The Toxicology Division of the Texas Commission on Environmental Quality (TCEQ) has just released its “TCEQ Environmental Health Update” report. The report gives health-related data on air pollution, drinking water contamination, blood lead levels in children, cancer incidence, and asthma hospitalization rates. Notable findings include:
For Air Pollution:
Measured annual average levels of benzene across the state are less than 1.4 parts per billion, the agency’s level at or below which no adverse health effects are expected.
Levels of air toxics which were of concern to the TCEQ have been reduced to acceptable levels in four areas of Texas. These are nickel levels in Dallas, sulfur dioxide in Beaumont, propionaldehyde in Texas City, and benzene in Galena Park.
There are still four areas of the state in which air toxics levels are too high to be considered without human health or odor nuisance risk. These include hydrogen sulfide levels in El Paso, Evadale (Jasper County), and Bowie and Cass Counties; and arsenic, cobalt, nickel, and vanadium levels in Freeport (Brazoria County).
For Drinking Water Contamination:
Twenty-two new instances of groundwater contamination were reported in 2015. Six of these were in Houston and six were in the Midland area. The causes of the contamination were not given in the TCEQ report.
Blood Lead Levels:
Levels of lead in Texas children have decreased in the years 2005 to 2011 (the most recent year for which data are available). In 2011, 0.5 percent of Texas children tested had blood lead levels greater than 10 micrograms per deciliter. This is slightly less than the national average, and is a small percentage. However, with an estimated 7 million children living in Texas, this means that some 35,000 Texas children have lead levels above 10 micrograms per deciliter.
Furthermore, in 2012 the Centers for Disease Control lowered their blood lead level of concern to 5 micrograms per deciliter (see https://www.cdc.gov/nceh/lead/acclpp/blood_lead_levels.htm). No data on how many Texas children exceed this new level of concern were contained in the TCEQ report.
Cancer Incidence Data:
The data show that overall, Texas now has one of the lower cancer incidence rates of all the states. Cancer incidence in Texas as a whole has declined over the years 2007 to 2013 from about 470 cases per 100,000 population to about 410 per 100,000. This is compared to the overall U.S. rate of 450 cases per 100,000.

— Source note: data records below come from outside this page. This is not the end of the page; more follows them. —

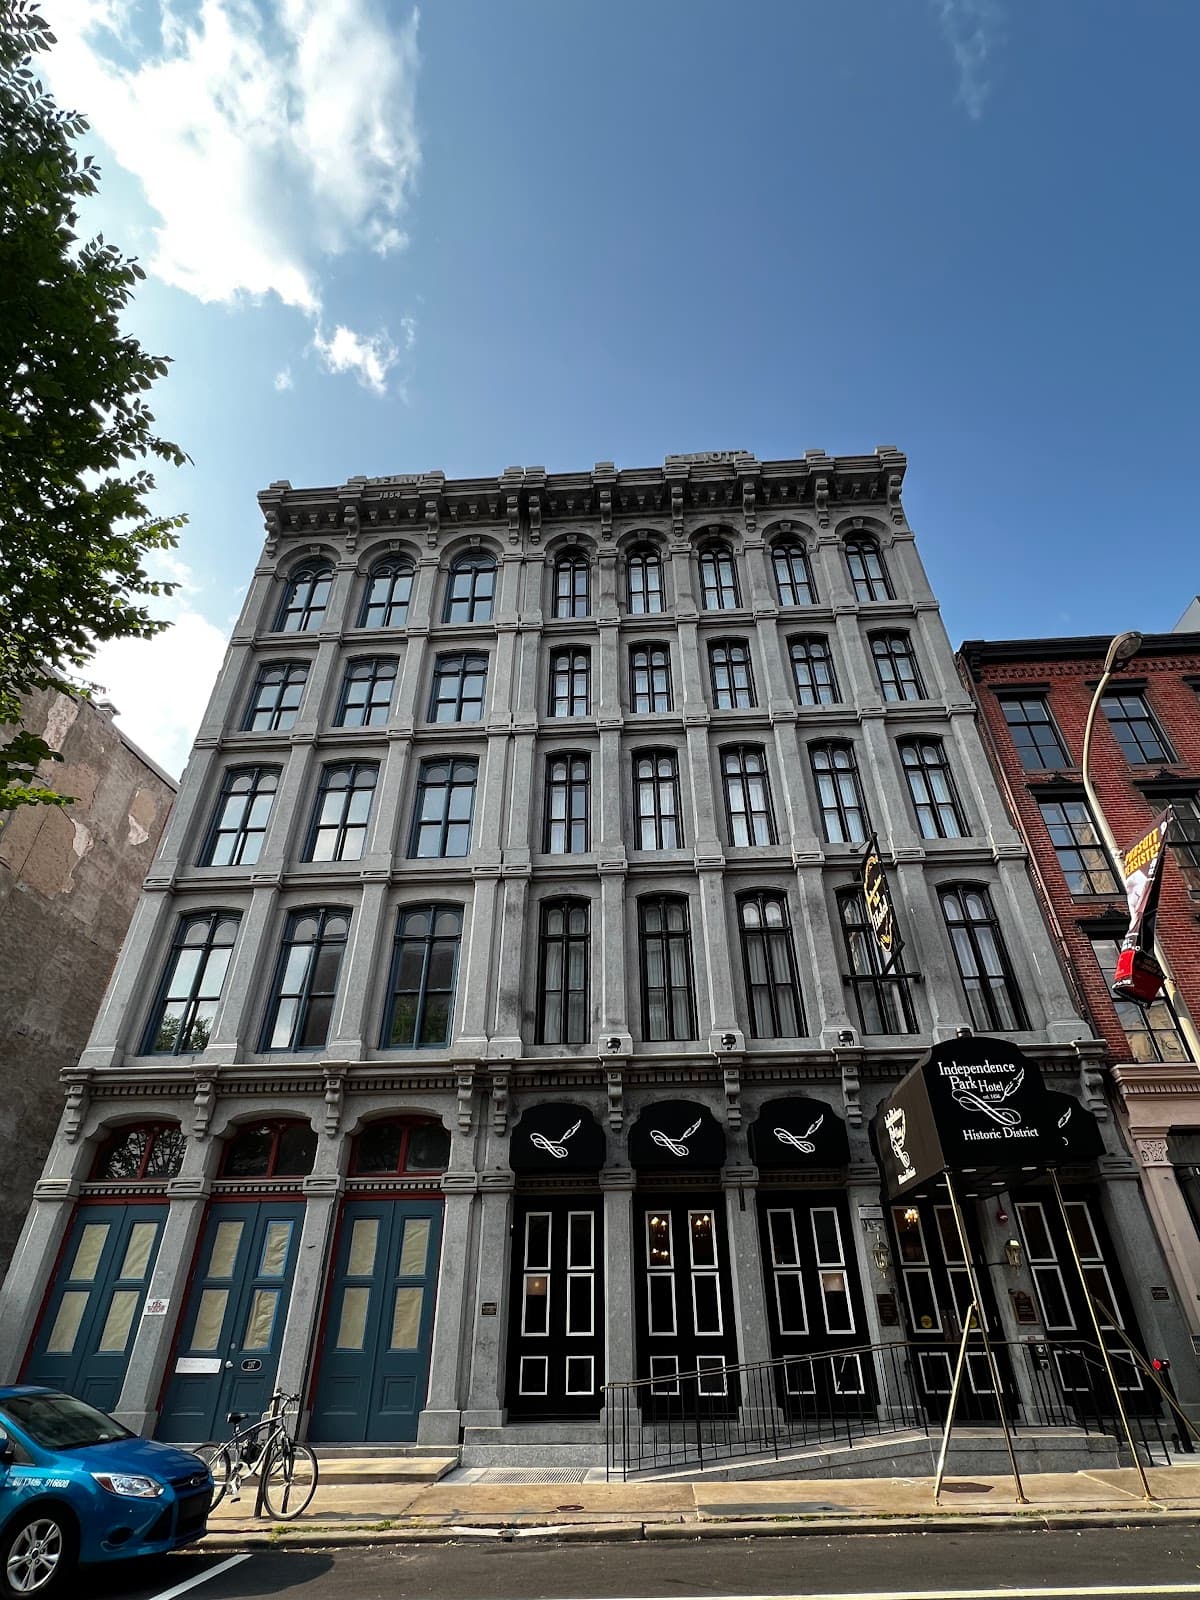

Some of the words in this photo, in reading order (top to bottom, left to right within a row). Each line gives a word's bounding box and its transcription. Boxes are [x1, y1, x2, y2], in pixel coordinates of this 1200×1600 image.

[937, 1059, 1016, 1077] Independence
[949, 1075, 977, 1090] Park
[978, 1080, 1004, 1092] Hotel
[963, 1129, 1002, 1140] Historic
[1002, 1127, 1040, 1138] District
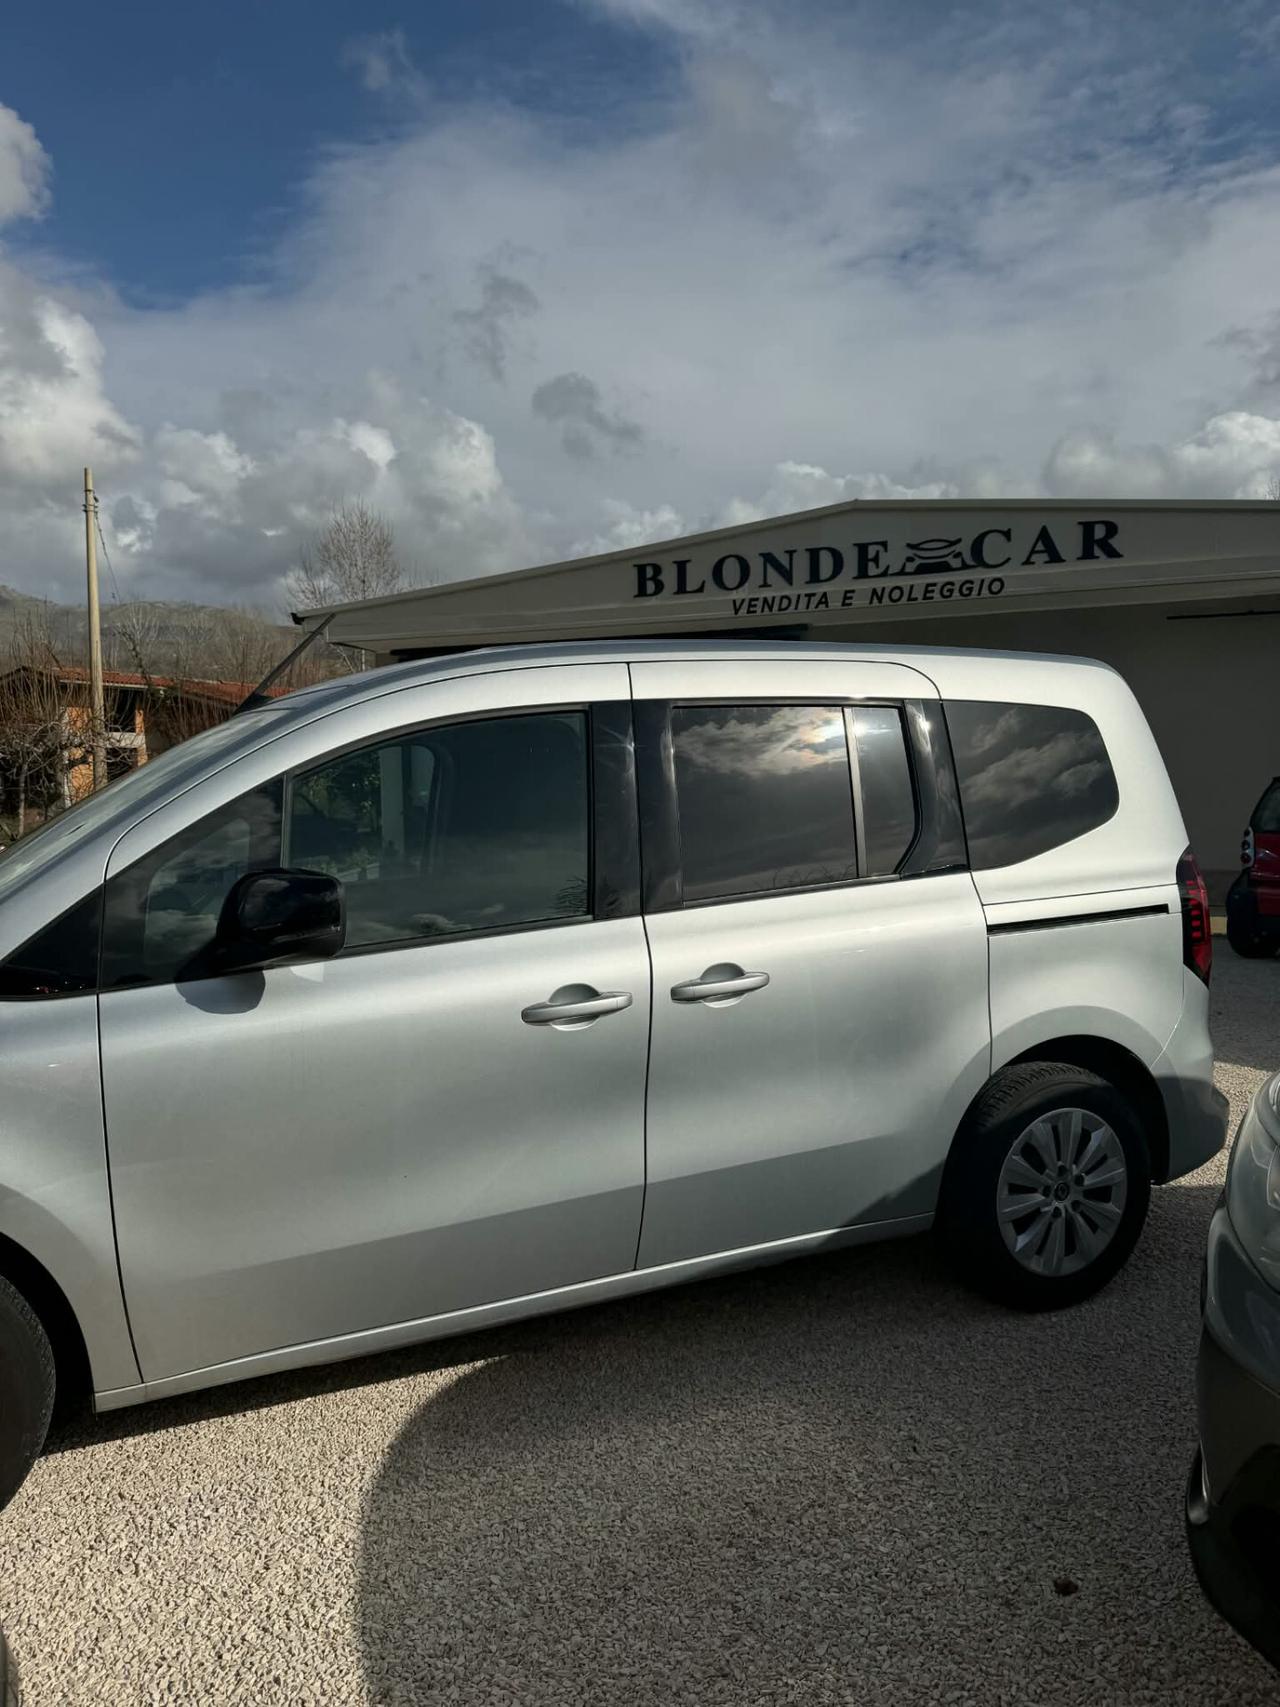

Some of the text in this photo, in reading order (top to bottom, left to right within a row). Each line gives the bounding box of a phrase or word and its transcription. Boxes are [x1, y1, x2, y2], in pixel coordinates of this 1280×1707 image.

[633, 519, 1124, 598] BLONDE CAR
[731, 577, 1006, 616] VENDITA E NOLEGGIO
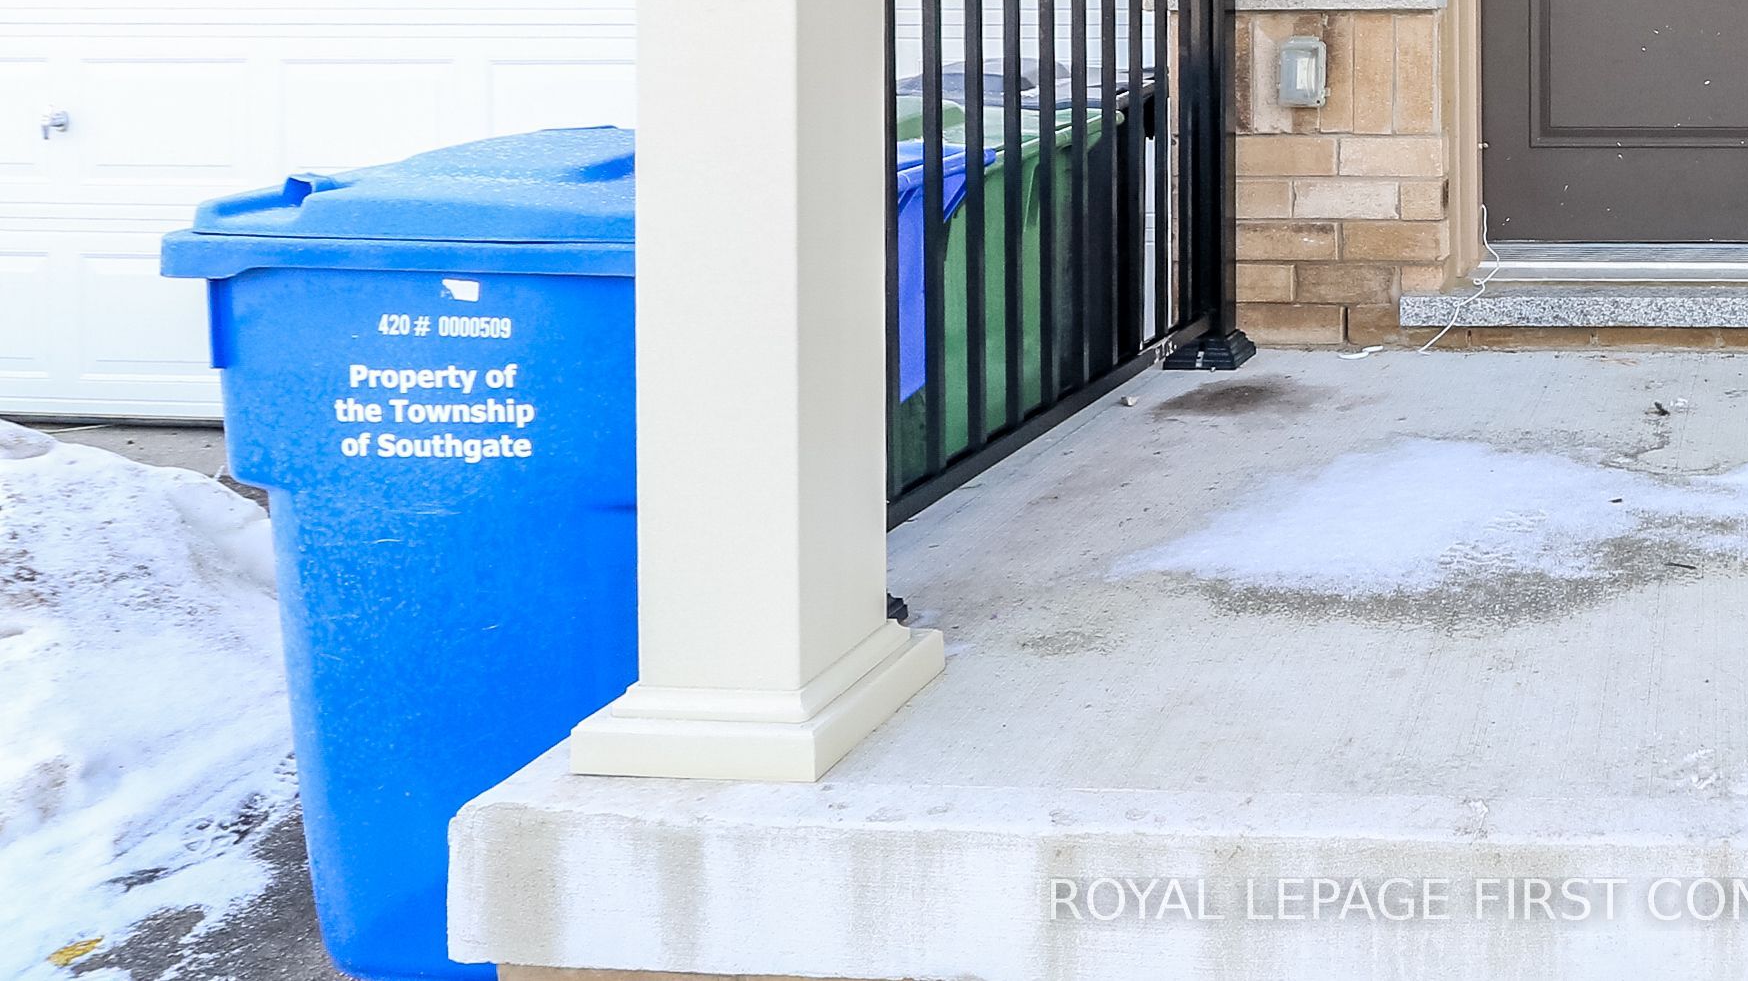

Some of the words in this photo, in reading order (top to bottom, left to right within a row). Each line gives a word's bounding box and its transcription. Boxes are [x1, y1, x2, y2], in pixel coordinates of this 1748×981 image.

The counties with the highest cancer incidences in Texas were Potter and Armstrong Counties in West Texas (455-460), Hunt County in the Dallas-Ft. Worth area (470), and Orange County in Southeast Texas (470). Counties with major cities had lower cancer incidence rates than the Texas average (Dallas and Houston: 425; San Antonio: 390; Austin: 385; and El Paso: 380). Of course, there are many factors other than air and water pollution that affect cancer incidence rates, so little can be concluded about why some areas have cancer incidences higher or lower than others.
The rates of asthma hospitalizations and asthma mortality rates in Texas have shown an overall downward trend over the past 10 years or so, although the mortality rates have leveled off in more recent years. Both the Texas hospitalization rates and mortality rates are below the national averages.
Asthma hospitalizations were highest in Amarillo, Abilene, San Angelo, and Waco and lowest in Dallas-Ft. Worth, Tyler, Houston, and Harlingen. Again, there are many causes for asthma and these data don’t let us conclude whether air pollution levels have an impact on asthma incidence in Texas.